Educando
para a Cidadania
Os
Direitos Humanos no Currículo Escolar

A REALIDADE DA
FÍSICA E A FÍSICA DA REALIDADE
Para começarmos a escrever este artigo
foi fundamental a escolha de um enfoque. Tínhamos muitas
possibilidades. Resolvemos, pois fazer uma breve análise da Física em
lugares bem definidos. Inicialmente, uma pergunta: a realidade da
Física, como disciplina, confunde-se com a física da realidade? A
princípio a resposta parece óbvia: “é claro”! Façamos, porém,
raciocínio mais complexo. Ao analisarmos a expressão “a realidade da
Física”, devemos levar em consideração que não existe apenas “uma”
realidade. Se vivemos num país subdesenvolvido, terceiro-mundista, onde
as desigualdades econômicas são enormes, onde encontramos “seiks”
abonados ao lado de gente que não consegue sequer alimentar-se, podemos
só aí encontrar duas realidades, dois mundos. O primeiro, que tudo
compra, isto é, que pode fazer investimentos altíssimos na área
científica, possuindo, algumas vezes, tecnologia de ponta, utilizando
diuturnamente a Física para o seu “bem-estar”. Ao mesmo tempo, um
segundo que nada compra, marginal, que sobrevive e que, por isso, não
tem tempo sequer para preocupar-se com a educação e menos ainda para
pensar a Física, tida como disciplina enfadonha e pouco comprometida
com o cotidiano. Falando em educação na perspectiva do ensino formal,
caberia perguntar: como se dá o ensino-aprendizagem da Física dentro
da sala de aula? Também aqui, encontramos algumas práticas peculiares.
Há, por exemplo, o ensino da Física ortodoxa, que se encontrava já
nos livros de cinqüenta ou sessenta anos atrás, hermética, pouco
acessível. Esse procura, de forma mais acadêmica possível, informar os conteúdos, supondo
que aprender é para poucos que, por destino ou, quem sabe, fatalidade,
nasceram para isso. Mas há também aquele ensino que, de maneira
velada, traz essa mesma realidade travestida numa roupagem atual.
Antigos e ortodoxos conteúdos com pelagem colorida, práticas “modernas”,
da mesma forma “informam” e muitas vezes “despejam” a Física
como um fardo a ser carregado.
Infelizmente, esta realidade é a que
percebemos com mais freqüência e onde se joga maior ênfase. Há,
contudo, outra perspectiva, minoritária, é verdade, incipiente, é
verdade, mas com muita gana de firmar-se. Uma perspectiva de construir o
objetivo maior não apenas na informação, mas na formação.

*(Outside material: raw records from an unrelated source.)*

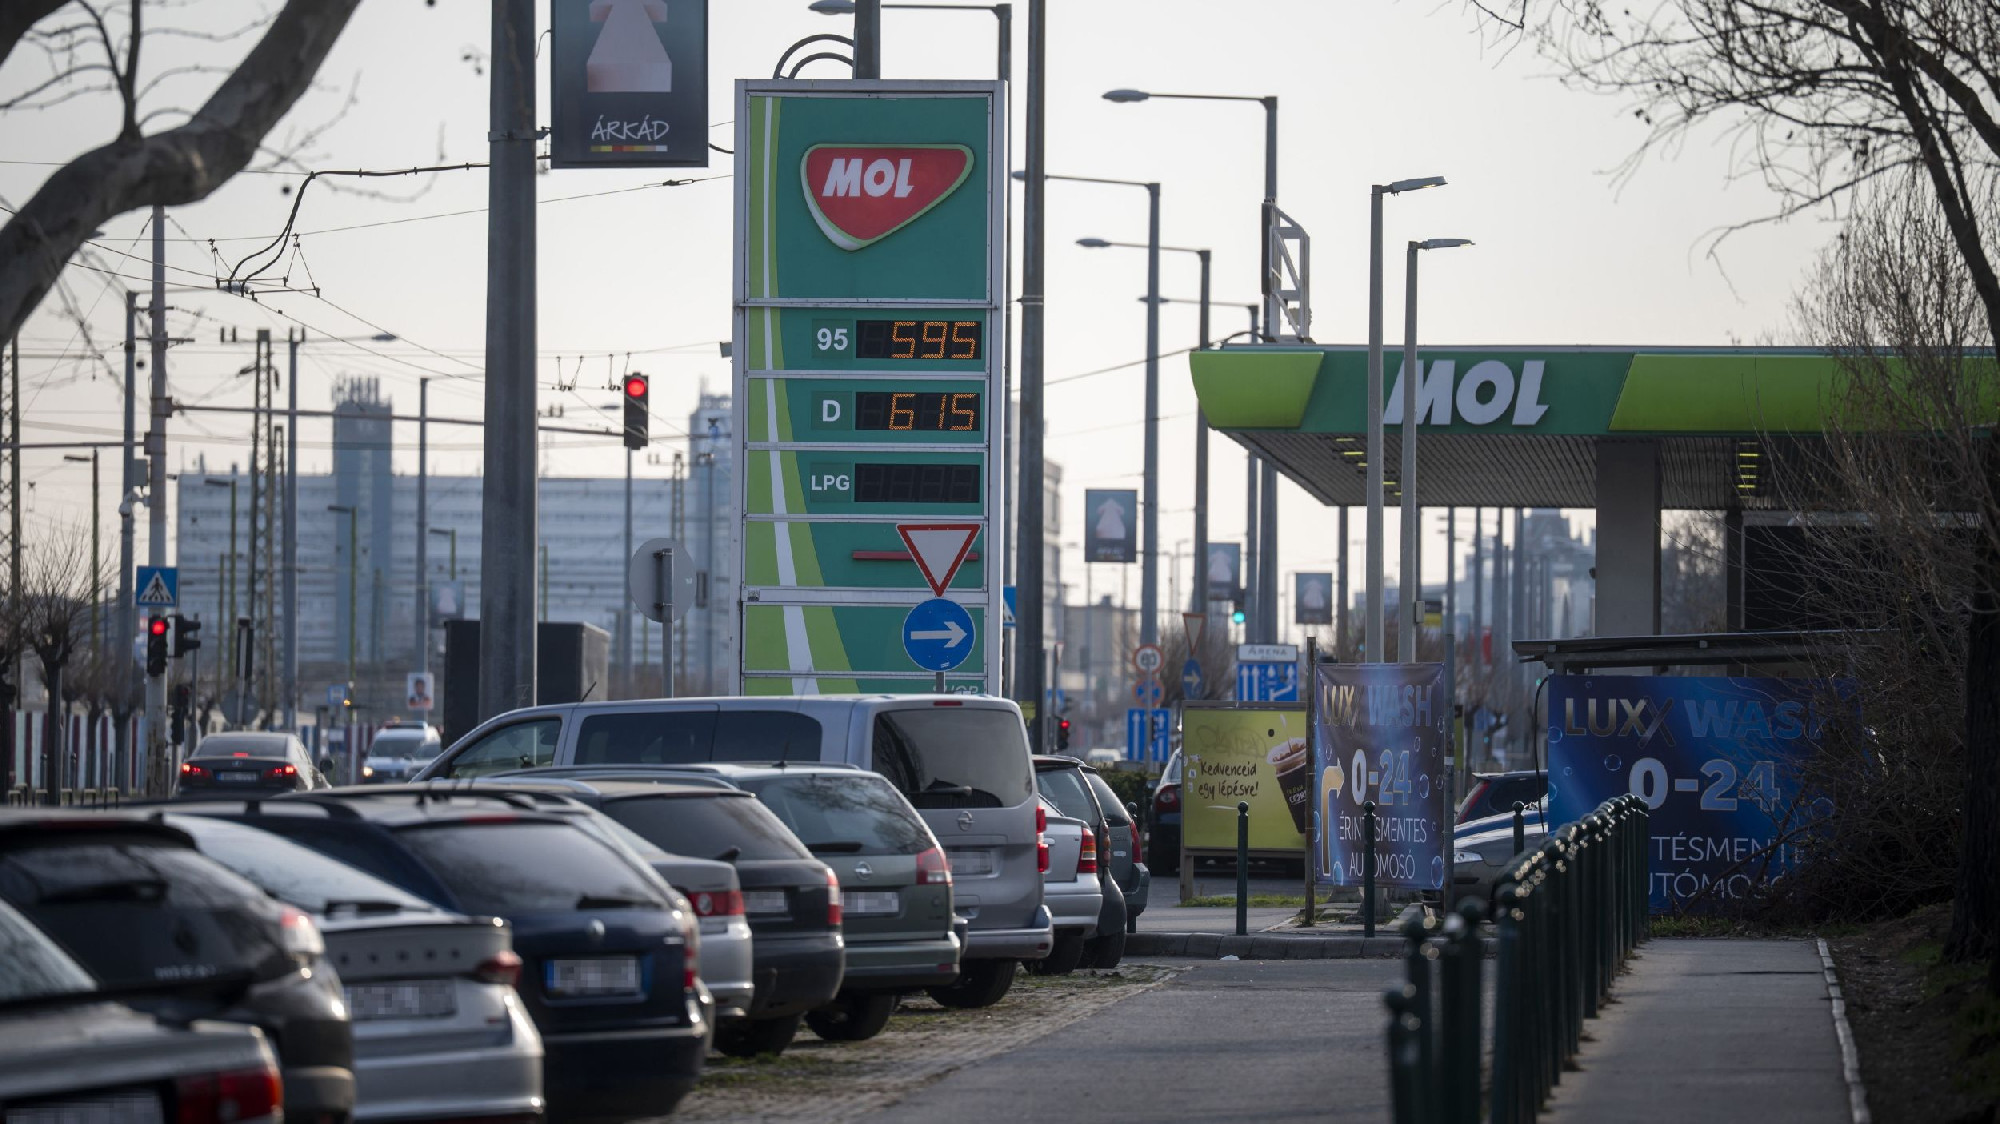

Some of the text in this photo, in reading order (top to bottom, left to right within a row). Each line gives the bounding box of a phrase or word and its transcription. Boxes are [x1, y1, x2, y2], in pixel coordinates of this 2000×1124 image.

[591, 114, 670, 141] ÁRKÁD
[822, 158, 915, 197] MOL
[816, 321, 977, 359] 95 595
[1383, 359, 1550, 425] MOL
[822, 393, 976, 430] D 615
[811, 474, 850, 491] LPG
[1368, 684, 1433, 726] WASH
[1200, 761, 1257, 777] Kedvenceid
[1352, 749, 1412, 805] 0-24
[1628, 756, 1781, 814] 0-24
[1198, 780, 1259, 800] egy lépésve!
[1339, 810, 1427, 843] ÉRINSMENTES
[1349, 848, 1416, 880] AUÓMOSÓ
[1650, 831, 1806, 864] TÉSMENTE

Uma
perspectiva desalienada, preocupar em gestar consciências críticas,
debruçadas sobre os problemas do mundo em que vivemos. É a partir
desse mundo, que precisamos elaborar pactos de convivência, de
respeito, de amor ao próximo e de responsabilidade diante desses
valores. O educador necessita estar axiologicamente posicionado no
sentido de vivenciar (e fazê-lo junto a seus alunos) um código
ético-moral internalizado e explicitado através da prática concreta.
É preciso ser cidadão para educar na perspectiva da cidadania. O que
tem a Física a ver com isto? Muito. Não podemos, por exemplo, numa
sala de Física, enquanto falamos de termologia, dilatação, calor ou
termodinâmica, abordar fundamentalmente as causas e conseqüências do
efeito estufa?
Por que não relacionarmos o referido
fenômeno com a Biologia, mais especificamente com a Ecologia ou com a
Química? E por que não com a Filosofia e a Sociologia, favorecendo a
interdisciplinariedade? Será o tema de interesse restrito à primeira
área ou terá caráter mais abrangente, indo provocar a reflexão das
chamadas “Ciências Sociais”? aliás, existe uma ciência que não
seja social? Não é a Física uma ciência social? Não creio que as
coisas da vida possam ser compreendidas segmentadamente. Todos somos
admiradores do surto de desenvolvimento e práticas científicas no
Renascimento, uma época de profundas e profícuas transformações nas
mais variadas áreas do conhecimento. Foram ocasionais ou
inter-relação, a cosmovisão, a dinâmica integradora do saber possui
papel essencial? Afirmamos que a influência e a permeabilidade das
diversas áreas do conhecimento é que tornaram tão fértil esse
momento da história humana. É exatamente desta atitude que estamos
necessitando hoje. Precisamos de permeabilidade e transparência por
parte de todos, para que possamos crescer juntos, prosperarmos com
eficiência, competência e solidariedade. Ao nível das ciências:
interdisciplinariedade. Neste sentido, o estudo da Física deve
colaborar, unindo-se a outras áreas e analisando, de maneira ampla e
irrestrita, os grandes problemas raciais na África do Sul, a fome na
Etiópia e em Bangladesh (e em vários outros países), a
superpopulação da Índia, o lixo atômico, o desmatamento da Amazônia
no Brasil, a crise energética mundial, a destruição da camada de
ozônio, etc. Temas urgentes, indispensáveis e multidisciplinares.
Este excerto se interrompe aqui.